▶ Requirement:
Could you set down every record exactly as it appears?

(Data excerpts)
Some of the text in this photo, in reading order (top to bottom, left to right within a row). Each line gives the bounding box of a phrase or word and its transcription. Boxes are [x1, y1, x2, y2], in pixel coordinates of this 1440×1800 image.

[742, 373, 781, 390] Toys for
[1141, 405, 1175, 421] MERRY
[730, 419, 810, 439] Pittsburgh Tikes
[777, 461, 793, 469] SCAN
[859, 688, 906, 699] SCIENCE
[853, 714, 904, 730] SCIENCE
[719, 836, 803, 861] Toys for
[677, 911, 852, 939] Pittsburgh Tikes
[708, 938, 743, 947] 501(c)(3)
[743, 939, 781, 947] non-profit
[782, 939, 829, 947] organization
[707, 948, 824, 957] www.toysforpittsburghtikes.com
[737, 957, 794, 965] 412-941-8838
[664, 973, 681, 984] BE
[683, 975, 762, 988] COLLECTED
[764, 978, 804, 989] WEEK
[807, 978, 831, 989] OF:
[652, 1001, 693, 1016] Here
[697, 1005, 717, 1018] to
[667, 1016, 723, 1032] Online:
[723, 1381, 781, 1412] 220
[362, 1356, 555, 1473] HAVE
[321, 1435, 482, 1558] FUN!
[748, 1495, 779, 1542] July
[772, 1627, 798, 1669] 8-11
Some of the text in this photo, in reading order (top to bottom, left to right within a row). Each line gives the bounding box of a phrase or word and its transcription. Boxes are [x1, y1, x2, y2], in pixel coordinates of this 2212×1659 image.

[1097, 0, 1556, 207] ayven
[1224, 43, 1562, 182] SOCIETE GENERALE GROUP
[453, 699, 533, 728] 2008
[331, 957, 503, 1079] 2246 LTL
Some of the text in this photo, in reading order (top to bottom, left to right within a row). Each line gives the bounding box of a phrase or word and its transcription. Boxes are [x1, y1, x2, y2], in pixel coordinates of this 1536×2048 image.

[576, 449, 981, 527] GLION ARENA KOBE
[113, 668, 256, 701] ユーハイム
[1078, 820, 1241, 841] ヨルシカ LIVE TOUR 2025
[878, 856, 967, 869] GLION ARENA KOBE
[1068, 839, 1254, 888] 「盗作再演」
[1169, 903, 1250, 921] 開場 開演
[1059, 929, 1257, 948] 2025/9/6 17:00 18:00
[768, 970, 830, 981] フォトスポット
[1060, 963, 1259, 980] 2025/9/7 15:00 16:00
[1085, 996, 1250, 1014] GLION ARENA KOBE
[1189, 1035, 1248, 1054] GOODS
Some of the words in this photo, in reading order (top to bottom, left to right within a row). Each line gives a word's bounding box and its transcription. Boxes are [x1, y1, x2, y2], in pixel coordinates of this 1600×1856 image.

▶ Written reply:
Some of the text in this photo, in reading order (top to bottom, left to right within a row). Each line gives the bounding box of a phrase or word and its transcription. Boxes are [x1, y1, x2, y2], in pixel coordinates of this 1440×1800 image.

[742, 373, 781, 390] Toys for
[1141, 405, 1175, 421] MERRY
[730, 419, 810, 439] Pittsburgh Tikes
[777, 461, 793, 469] SCAN
[859, 688, 906, 699] SCIENCE
[853, 714, 904, 730] SCIENCE
[719, 836, 803, 861] Toys for
[677, 911, 852, 939] Pittsburgh Tikes
[708, 938, 743, 947] 501(c)(3)
[743, 939, 781, 947] non-profit
[782, 939, 829, 947] organization
[707, 948, 824, 957] www.toysforpittsburghtikes.com
[737, 957, 794, 965] 412-941-8838
[664, 973, 681, 984] BE
[683, 975, 762, 988] COLLECTED
[764, 978, 804, 989] WEEK
[807, 978, 831, 989] OF:
[652, 1001, 693, 1016] Here
[697, 1005, 717, 1018] to
[667, 1016, 723, 1032] Online:
[723, 1381, 781, 1412] 220
[362, 1356, 555, 1473] HAVE
[321, 1435, 482, 1558] FUN!
[748, 1495, 779, 1542] July
[772, 1627, 798, 1669] 8-11
Some of the text in this photo, in reading order (top to bottom, left to right within a row). Each line gives the bounding box of a phrase or word and its transcription. Boxes are [x1, y1, x2, y2], in pixel coordinates of this 2212×1659 image.

[1097, 0, 1556, 207] ayven
[1224, 43, 1562, 182] SOCIETE GENERALE GROUP
[453, 699, 533, 728] 2008
[331, 957, 503, 1079] 2246 LTL
Some of the text in this photo, in reading order (top to bottom, left to right within a row). Each line gives the bounding box of a phrase or word and its transcription. Boxes are [x1, y1, x2, y2], in pixel coordinates of this 1536×2048 image.

[576, 449, 981, 527] GLION ARENA KOBE
[113, 668, 256, 701] ユーハイム
[1078, 820, 1241, 841] ヨルシカ LIVE TOUR 2025
[878, 856, 967, 869] GLION ARENA KOBE
[1068, 839, 1254, 888] 「盗作再演」
[1169, 903, 1250, 921] 開場 開演
[1059, 929, 1257, 948] 2025/9/6 17:00 18:00
[768, 970, 830, 981] フォトスポット
[1060, 963, 1259, 980] 2025/9/7 15:00 16:00
[1085, 996, 1250, 1014] GLION ARENA KOBE
[1189, 1035, 1248, 1054] GOODS
Some of the words in this photo, in reading order (top to bottom, left to right within a row). Each line gives a word's bounding box and its transcription. Boxes are [x1, y1, x2, y2], in pixel coordinates of this 1600×1856 image.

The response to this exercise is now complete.